Court Opinion

ID: 4881164
Source: CourtListenerOpinion
Date Created: 2021-09-02 21:58:02.262919+00
Date Added: 2024-06-11T08:03:19.477959
License: Public Domain

JAMES R. KNOTT, Deputy Commissioner.
At about 4 P.M. on August 31, 1951 Lester Maddox suffered an attack of heat exhaustion in the course of his work as an employee of Twin City Waste Paper Company in West Palm Beach, which resulted in his death a few hours later.
The claims of Rosa Lee Maddox and Annie E. Hammock, as widow and mother, respectively, of the deceased employee for the benefits of the Act are controverted by the insurance carrier for the employer of the deceased on the principal ground that his death was not due to injury by accident, as required by the Act.

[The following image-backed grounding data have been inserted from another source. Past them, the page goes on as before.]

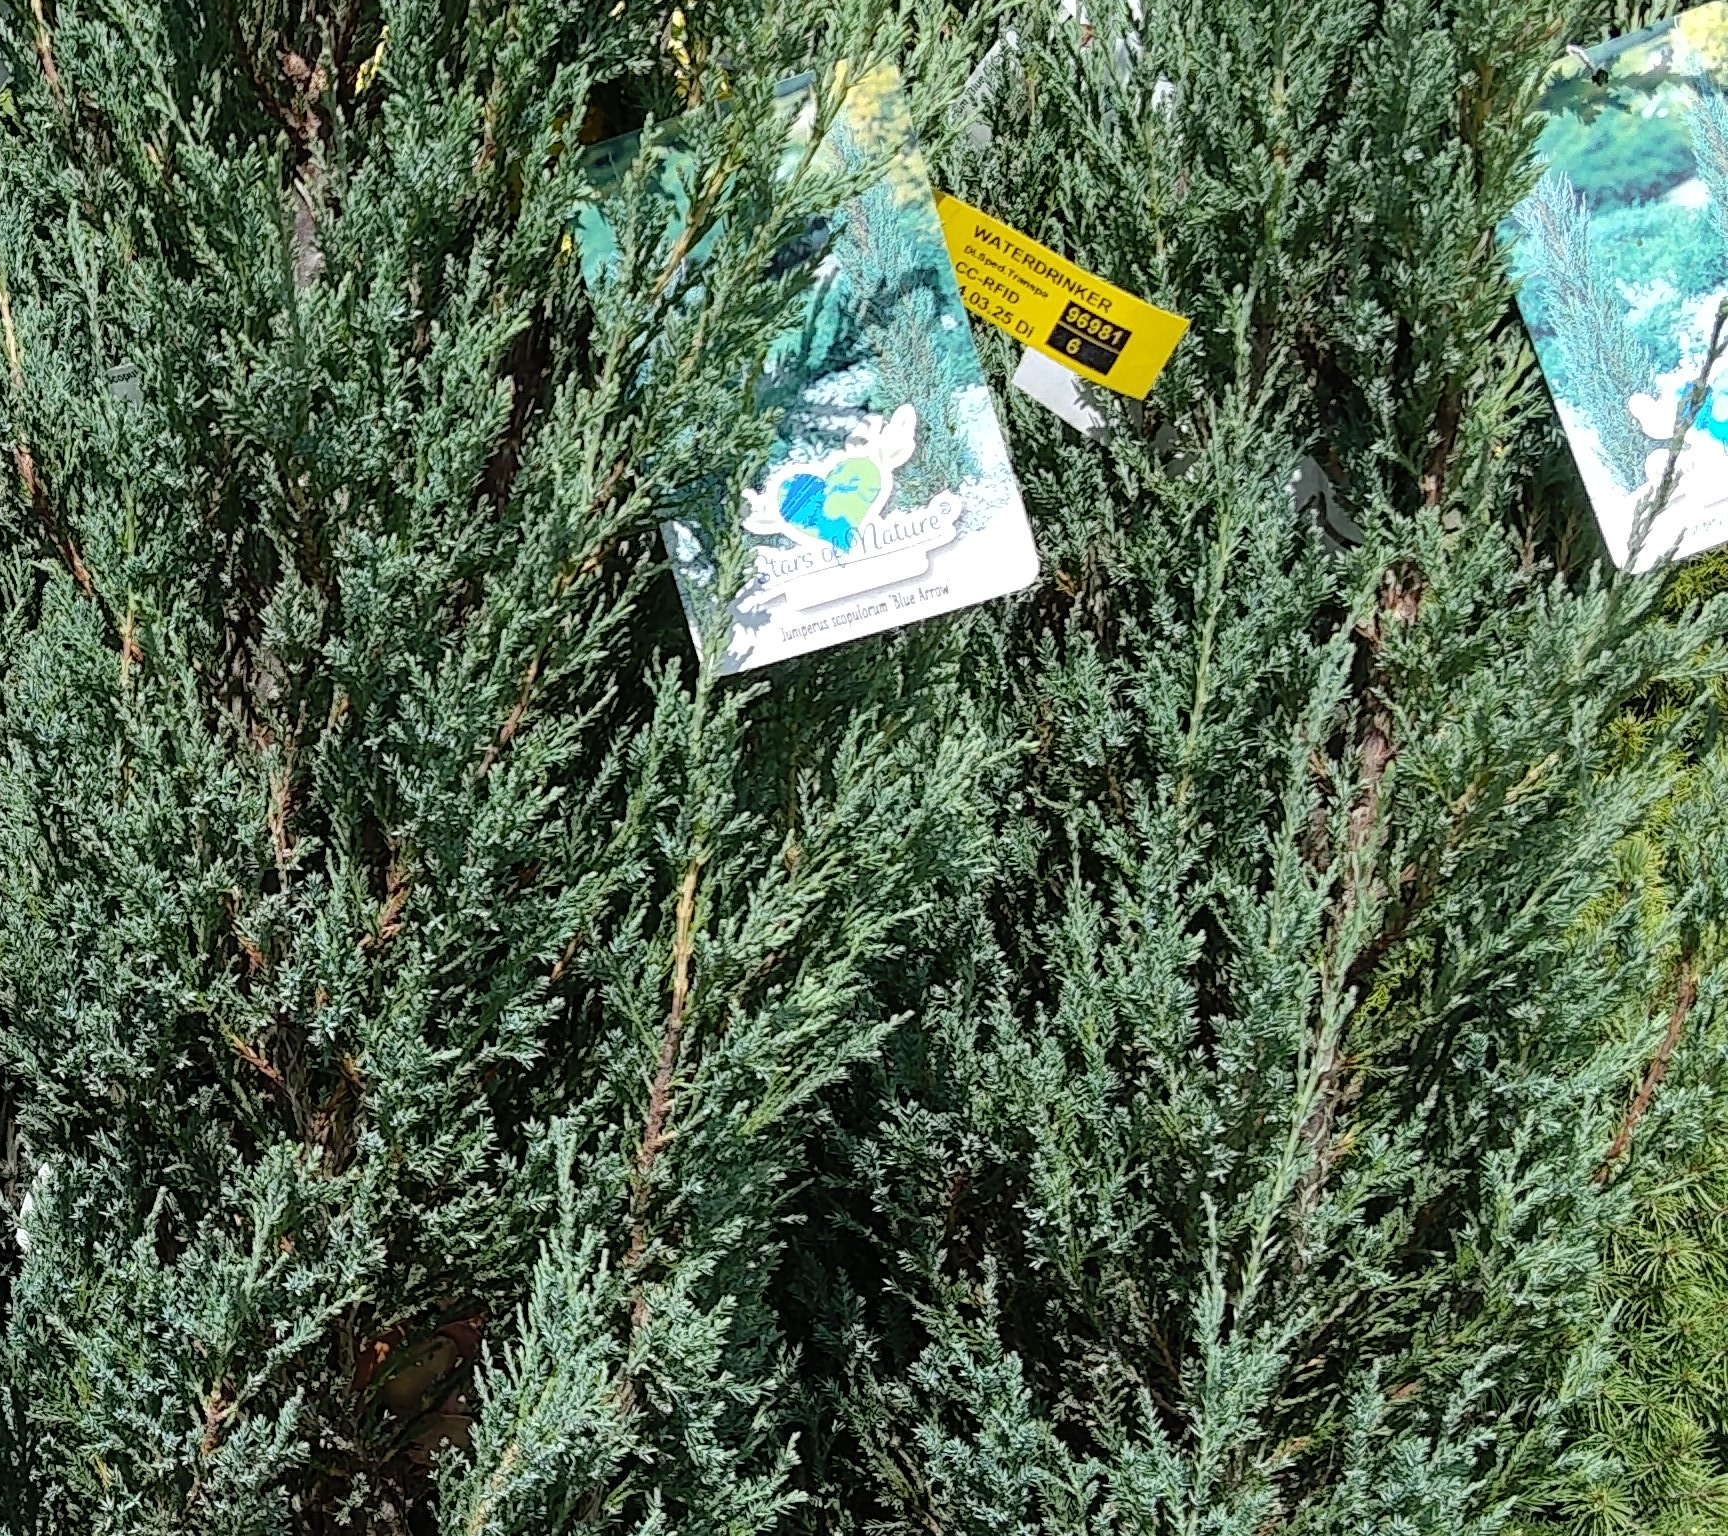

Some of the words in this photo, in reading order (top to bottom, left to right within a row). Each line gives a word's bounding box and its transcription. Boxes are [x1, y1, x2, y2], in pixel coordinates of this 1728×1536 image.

[955, 261, 1020, 305] CC-RFID
[973, 224, 1114, 314] WATERDRINKER
[1015, 319, 1036, 340] Di
[1065, 306, 1124, 346] 96981
[1065, 337, 1081, 355] 6
[779, 620, 830, 643] Juniperus
[831, 601, 889, 628] scopulorum
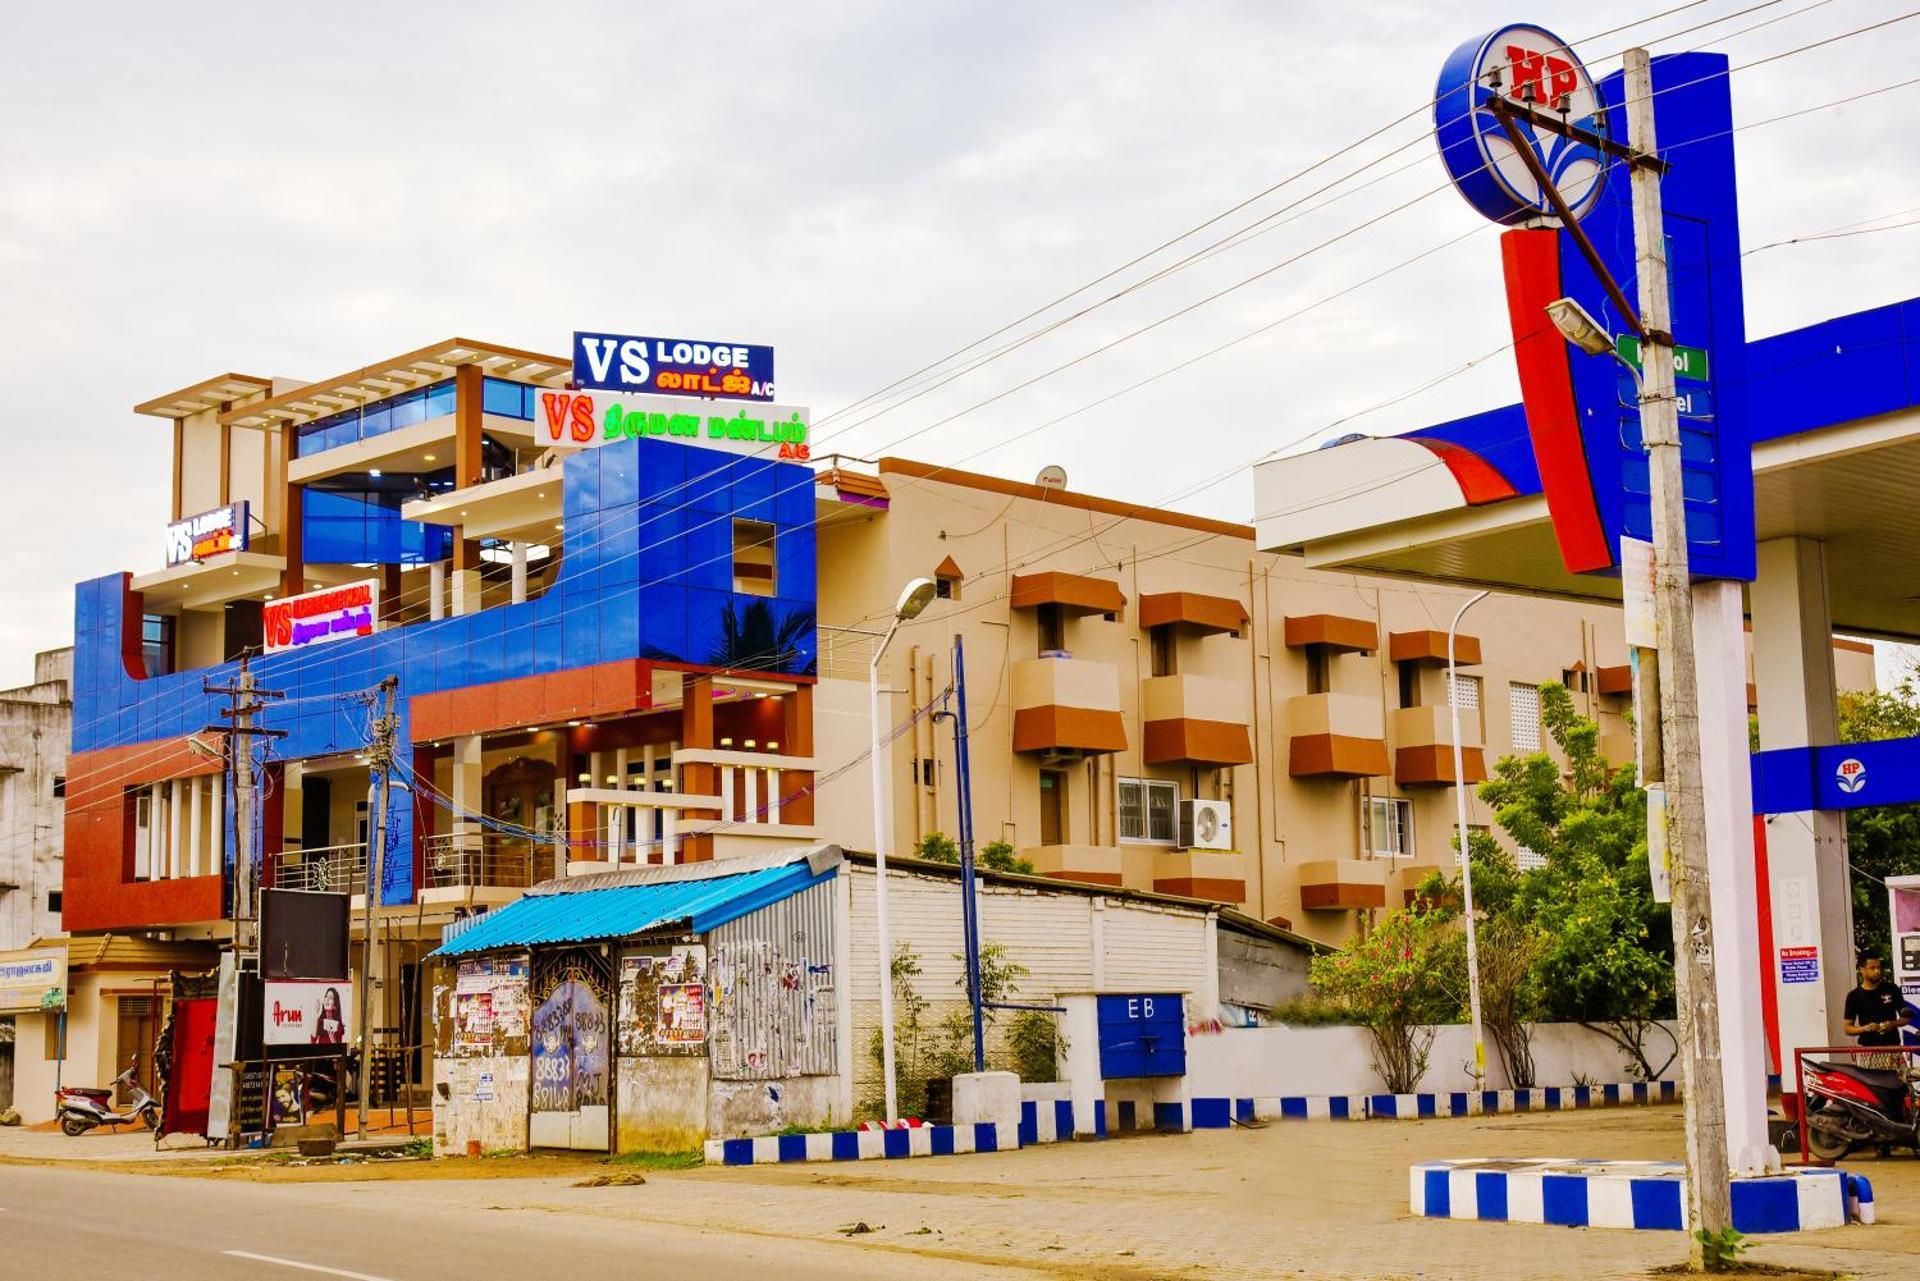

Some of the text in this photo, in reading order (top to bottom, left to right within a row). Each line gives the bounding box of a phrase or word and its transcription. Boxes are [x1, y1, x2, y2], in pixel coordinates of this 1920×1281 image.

The evidence shows that the deceased customarily performed hard manual labor in connection with the operation of a tin press, a device for compressing junked metal into bales, and a paper baler, in a location exposed to sunlight, particularly to afternoon sunlight, on his employer’s premises. The weather on the day of his fatal attack of heat exhaustion was hot, although no hotter than usual for that month. The presence of quantities of metal in the junk yard in which deceased worked contributed to the heat, and a structure on the premises tended to obstruct the prevailing breeze. The deceased had been per*193forming his customary work in the usual manner, just prior to his symptoms of heat exhaustion; no incident of an unusual nature preceded his collapse.
It is conceded by the carrier that deceased’s heat exhaustion occurred in the course of his employment. The evidence shows that the deceased was exposed to greater hazards of heat exhaustion in the performance of the work required of him at the time and place of this employment than those experienced by other people generally in the locality, and thus establishes that his heat exhaustion also arose out of the employment, i.e:, resulted from a risk incident to the employment.
The question for decision relates to whether deceased’s heat exhaustion was due to “injury by accident,” within the intendment of section 440.02(19) F.S.A., which defines the term “accident” as “only an unexpected or unusual event, happening suddenly.”
Under the principles followed by the Supreme Court of Florida in the case of Alexander Orr, Jr., Inc. v. Industrial Commission, 176 So. 172, and in Duff Hotel Company v. Ficara, 7 So. 2d 790, the deceased’s heat exhaustion would appear to constitute an injury by accident, as well as an injury arising out of and in the course of the employment. Under the liberal doctrine of those cases, the term “accident,” as expressed in the Ficara case, could be applied to “that which happens by chance or casually, that which proceeds from an unknown cause or the unusual which sometimes results from known causes” (italics supplied) ; the sudden “unexpected or unusual event” required to constitute the “accident” could be the unusual result of any ordinary act performed in the course of an employee’s usual work. In other words, the unexpected injury or the unexpected development of a disabling condition could in itself be said to constitute the “accident,” and it was not necessary that the “accident” precede the injury and be separate and distinct from the injury.
Our Supreme Court, however, has had further occasion in several more recent cases to construe the term “accident,” as used in the Act, and has plainly now adopted a different and more strict interpretation of that term. Under the principles now laid down by the court, the event constituting the accident is required to be separate and distinct from the injury itself, and to precede the injury. The occurrence of the injury alone, *194or the appearance of disabling symptoms, cannot in itself be said to constitute the required accident. See McNeill v. Thompson (Fla.), 53 So. 2d 868; Brooks-Scanlon, Inc. v. Lee (Fla.), 44 So. 2d 650; Cleary Bros. Construction Co. v. Nobles (Fla.), 23 So. 2d 525; Peterson v. City Commission of Jacksonville (Fla.), 44 So. 2d 423; City of Tallahassee v. Roberts (Fla.), 21 So. 2d 712; LeViness v. Mauer (Fla.), 53 So. 2d 113. In the case last cited, the claimant suffered a heart attack while at work. The court said:
“Obviously there was no accident preceding the heart attack and we have unequivocally held that the injury itself will not suffice to constitute the accident.”
The evidence in the present case, as noted above, does not show the occurrence of an unexpected or unusual event preceding the onset of deceased’s symptoms, or separate and distinct therefrom. He was not subjected to any unusual strain or exertion uncommon to the type of work he was accustomed to doing (it might be noted that under the rule applied by the court in LeViness v. Mauer, supra, even an injury due to unusual exertion cannot be considered an “injury by accident”); nor were any of the various physical positions required by his work unusual. The evidence fails to show any sudden occurrence of an unusual nature which contributed to or brought about his symptoms.
Claimants apparently base their claim squarely upon the doctrine of the Orr case, supra, in which, as in the present instance, there was no occurrence of an accident within the rule now followed by our Supreme Court.
The rule presently followed by the court will be adopted in the consideration of the instant claim. Accordingly, it must be held that the deceased’s fatal heat exhaustion was not the result of injury by accident, and the claims are denied.